Required action. Word for word, reproduce the records, keeping none of the pictures.
[Exercise input Boundary: Start]
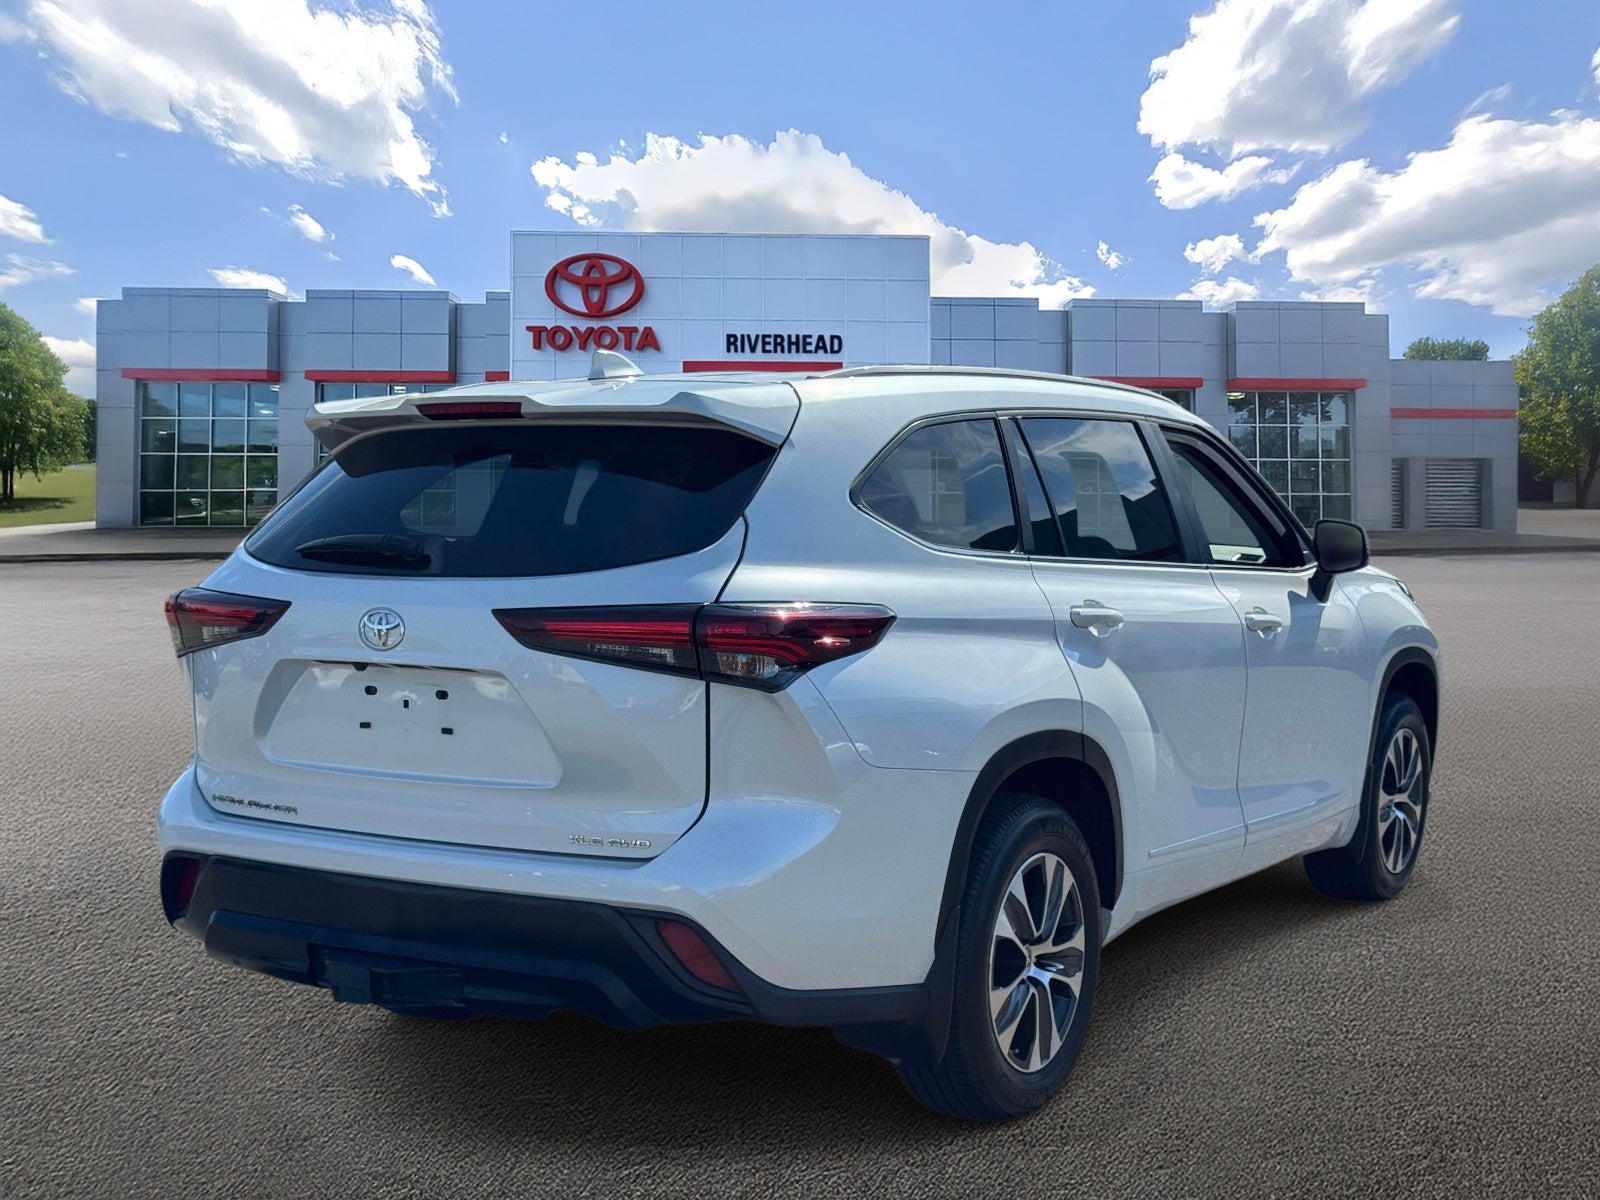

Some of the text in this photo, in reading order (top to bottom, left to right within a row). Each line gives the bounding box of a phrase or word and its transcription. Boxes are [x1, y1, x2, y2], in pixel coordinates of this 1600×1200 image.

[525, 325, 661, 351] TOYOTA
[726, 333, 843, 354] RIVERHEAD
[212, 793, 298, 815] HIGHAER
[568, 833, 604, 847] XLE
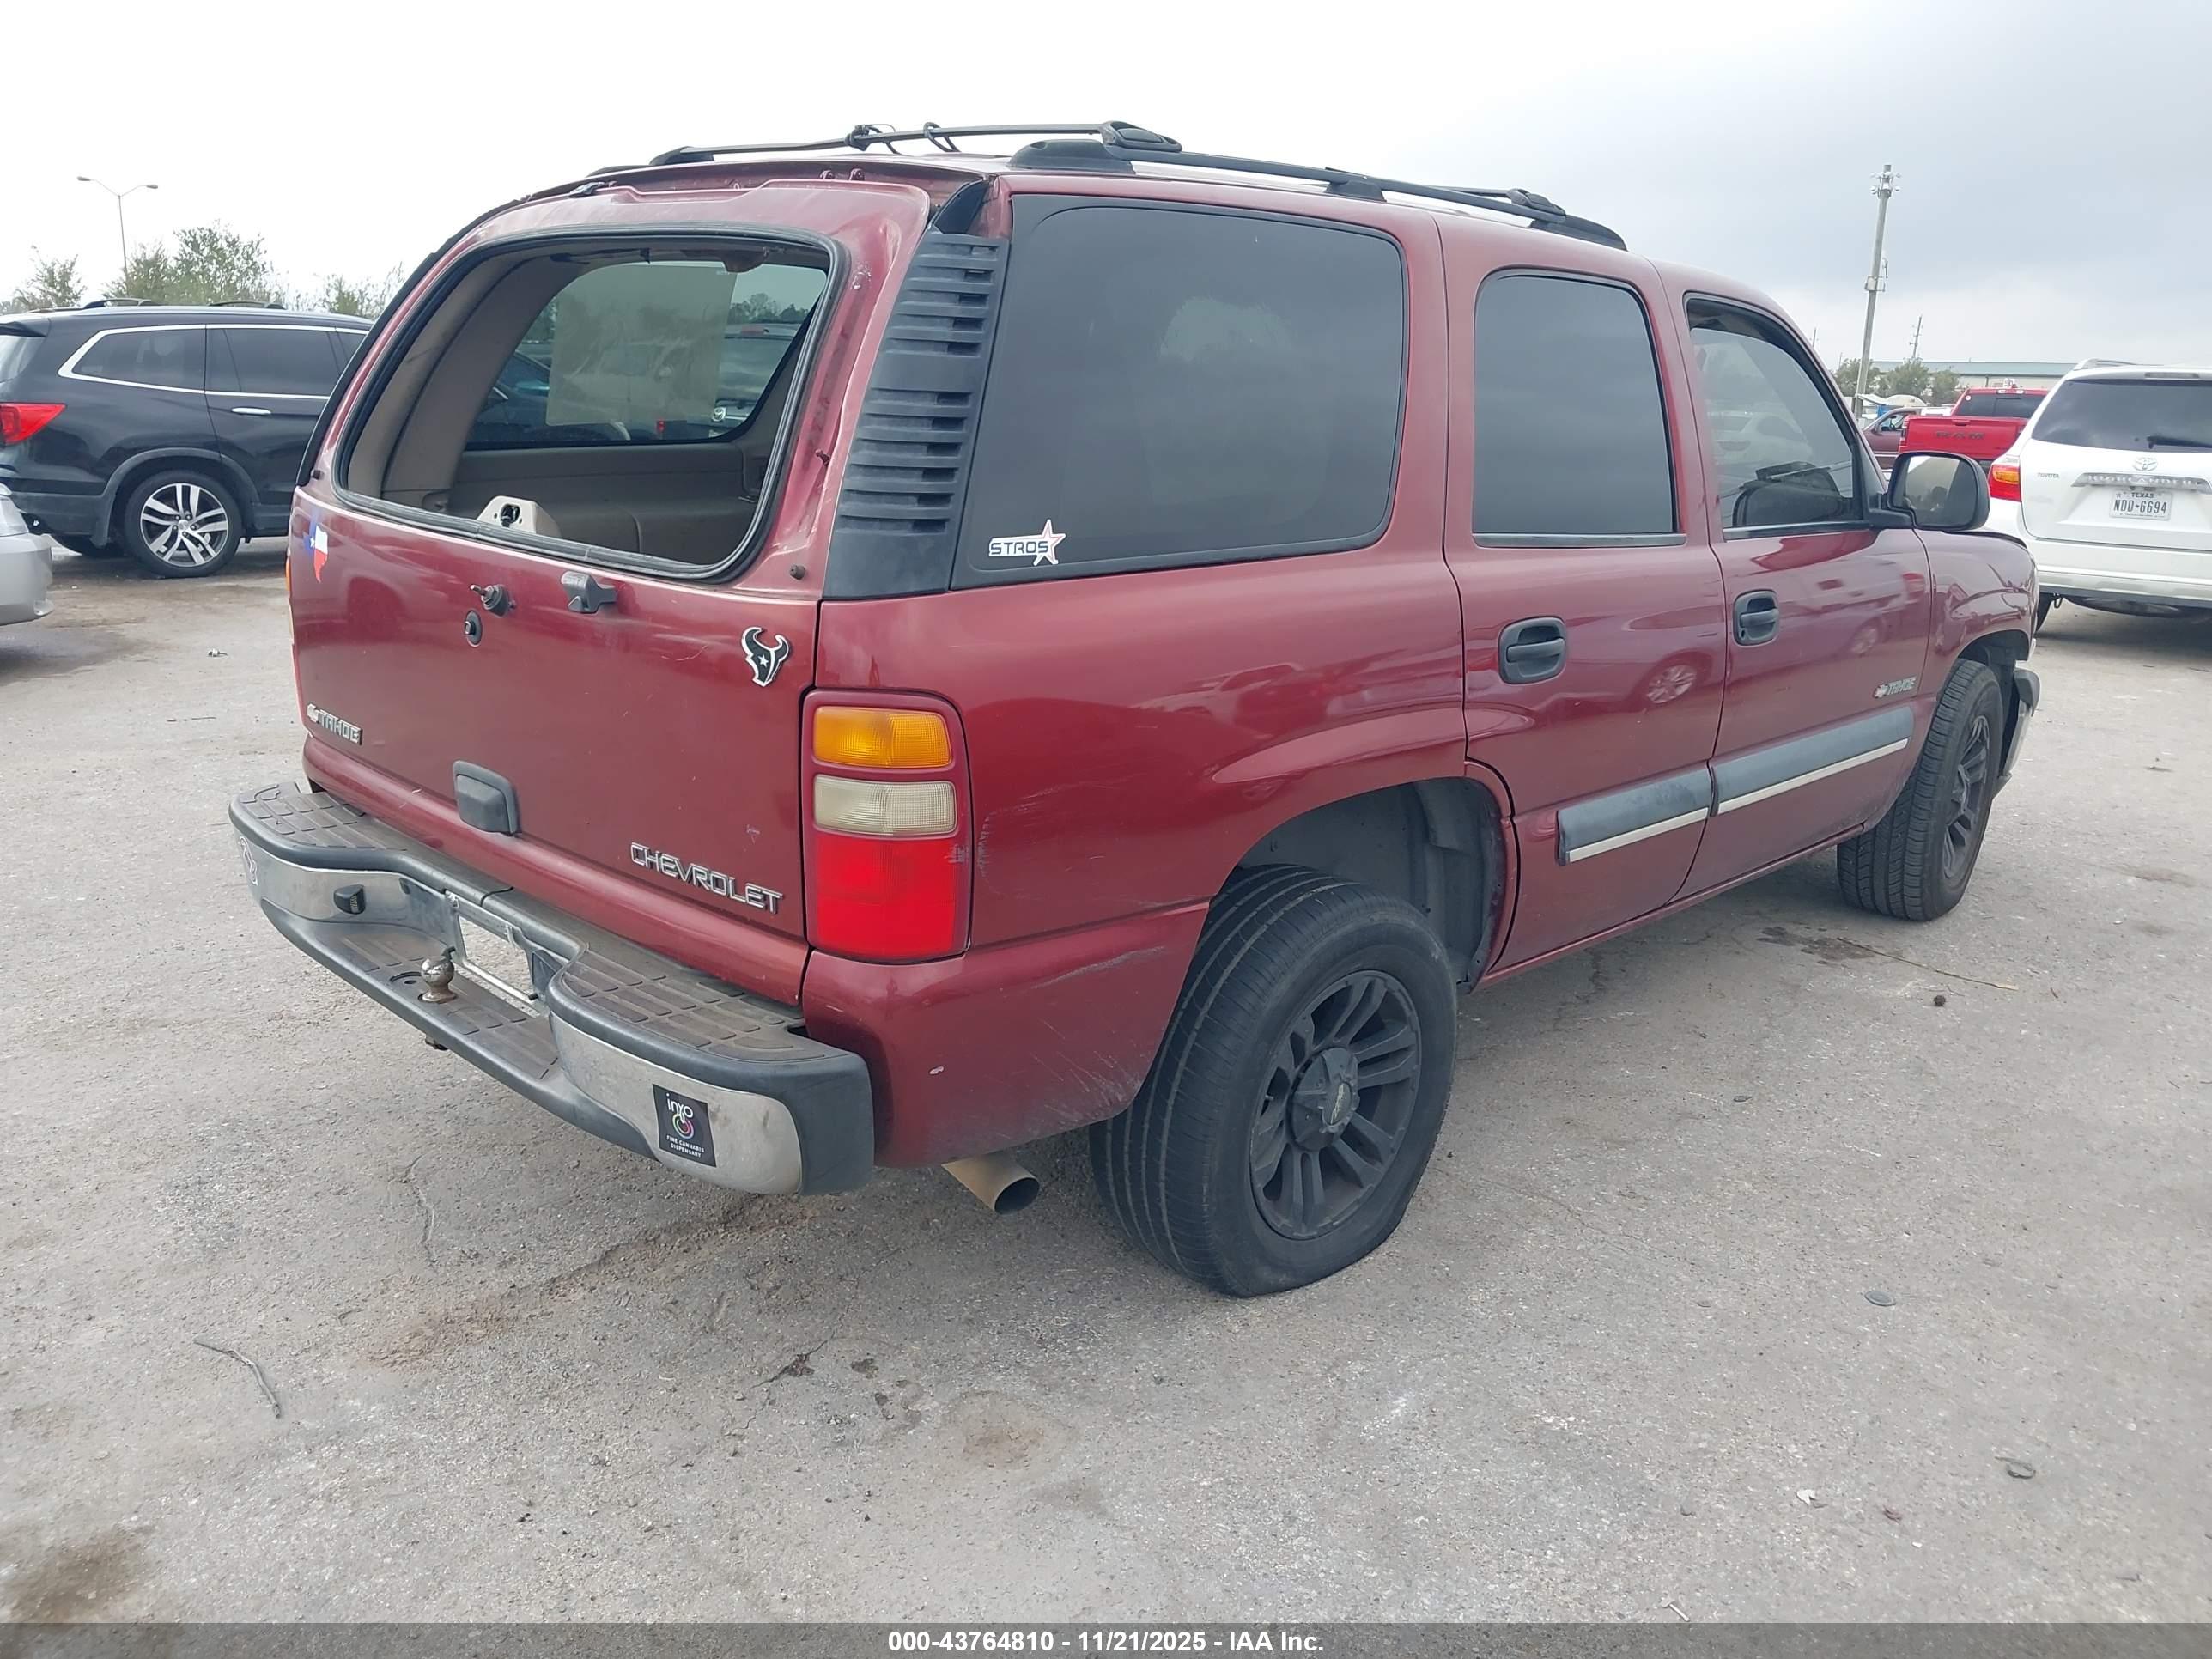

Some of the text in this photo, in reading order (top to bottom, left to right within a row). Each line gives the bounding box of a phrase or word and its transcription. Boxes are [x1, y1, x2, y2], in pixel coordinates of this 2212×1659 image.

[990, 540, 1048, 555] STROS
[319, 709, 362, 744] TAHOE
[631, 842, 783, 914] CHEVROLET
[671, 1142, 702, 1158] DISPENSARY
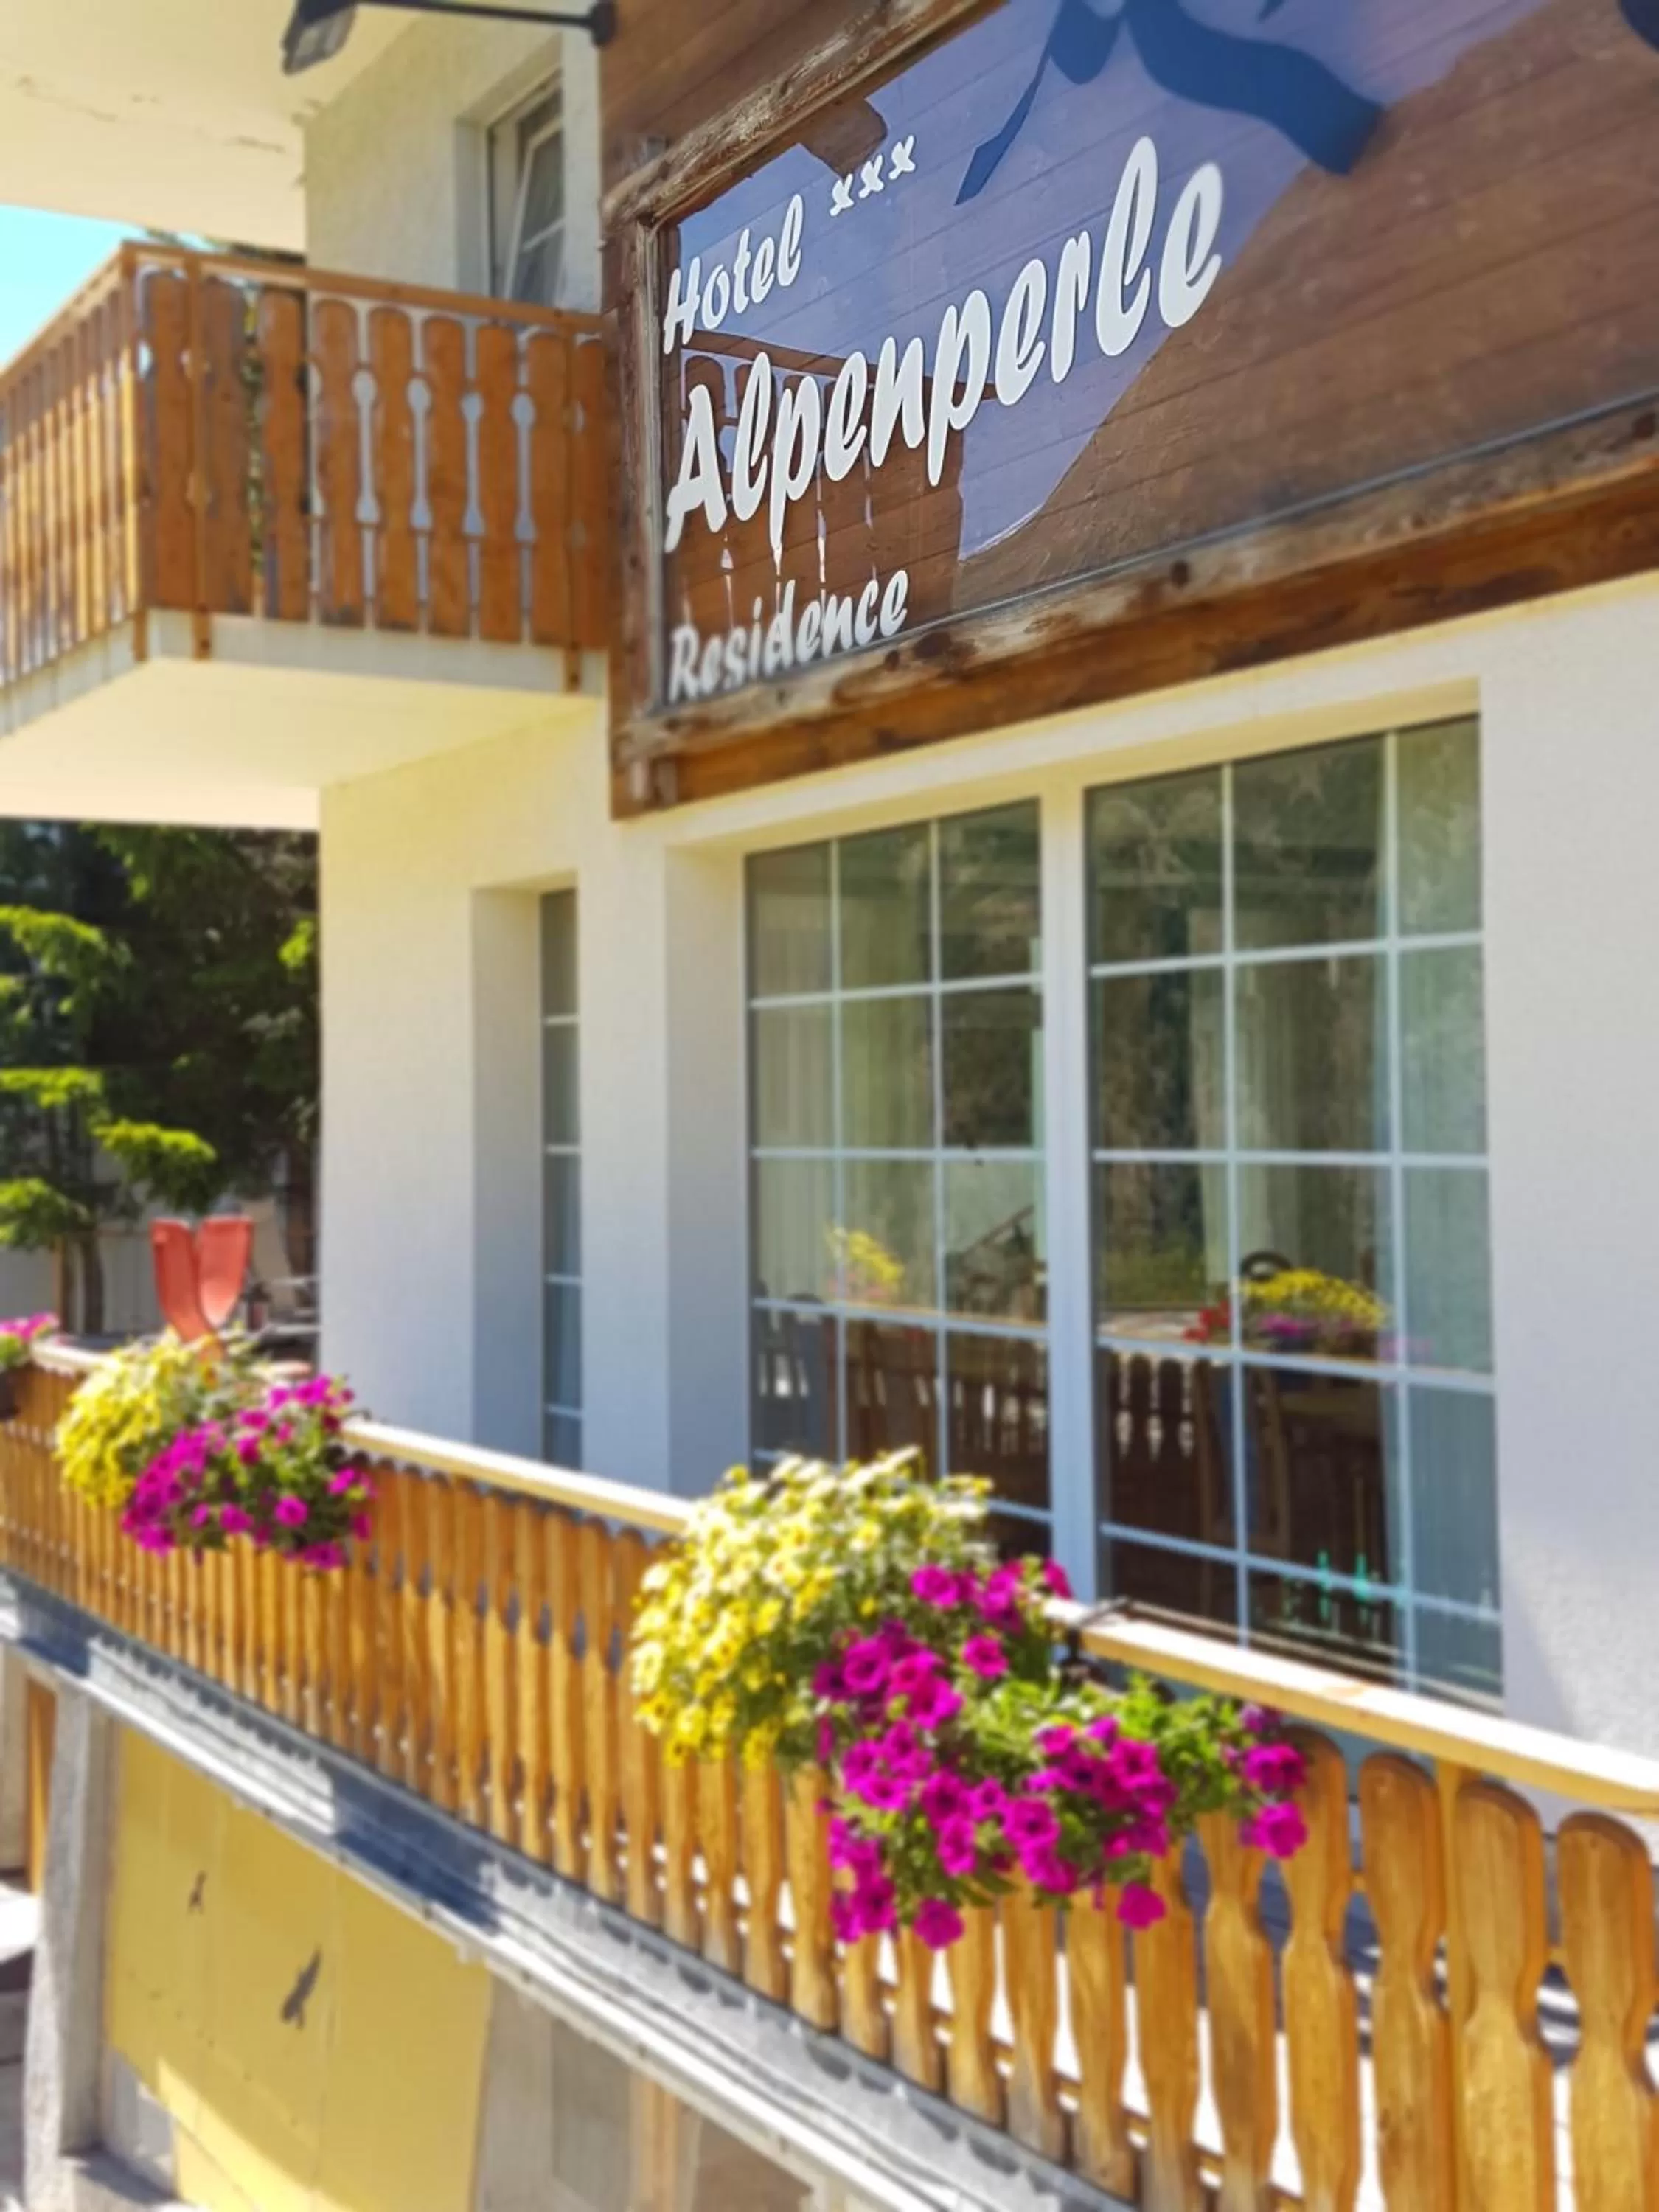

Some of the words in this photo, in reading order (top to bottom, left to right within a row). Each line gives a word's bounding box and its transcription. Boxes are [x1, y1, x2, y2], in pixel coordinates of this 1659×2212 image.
[Exercise input Boundary: End]
Written answer.
Some of the text in this photo, in reading order (top to bottom, left to right within a row). Each line gives the bounding box of a phrase or word and its transcription. Boxes are [x1, y1, x2, y2], in pixel coordinates of this 1600×1200 image.

[525, 325, 661, 351] TOYOTA
[726, 333, 843, 354] RIVERHEAD
[212, 793, 298, 815] HIGHAER
[568, 833, 604, 847] XLE

Some of the text in this photo, in reading order (top to bottom, left to right within a row). Each line gives the bounding box of a phrase or word and its transcription. Boxes are [x1, y1, x2, y2], in pixel coordinates of this 2212×1659 image.

[990, 540, 1048, 555] STROS
[319, 709, 362, 744] TAHOE
[631, 842, 783, 914] CHEVROLET
[671, 1142, 702, 1158] DISPENSARY

Some of the words in this photo, in reading order (top to bottom, left to right within a row). Each line gives a word's bounding box and its transcription. Boxes are [x1, y1, x2, y2], in pixel coordinates of this 1659×2212 image.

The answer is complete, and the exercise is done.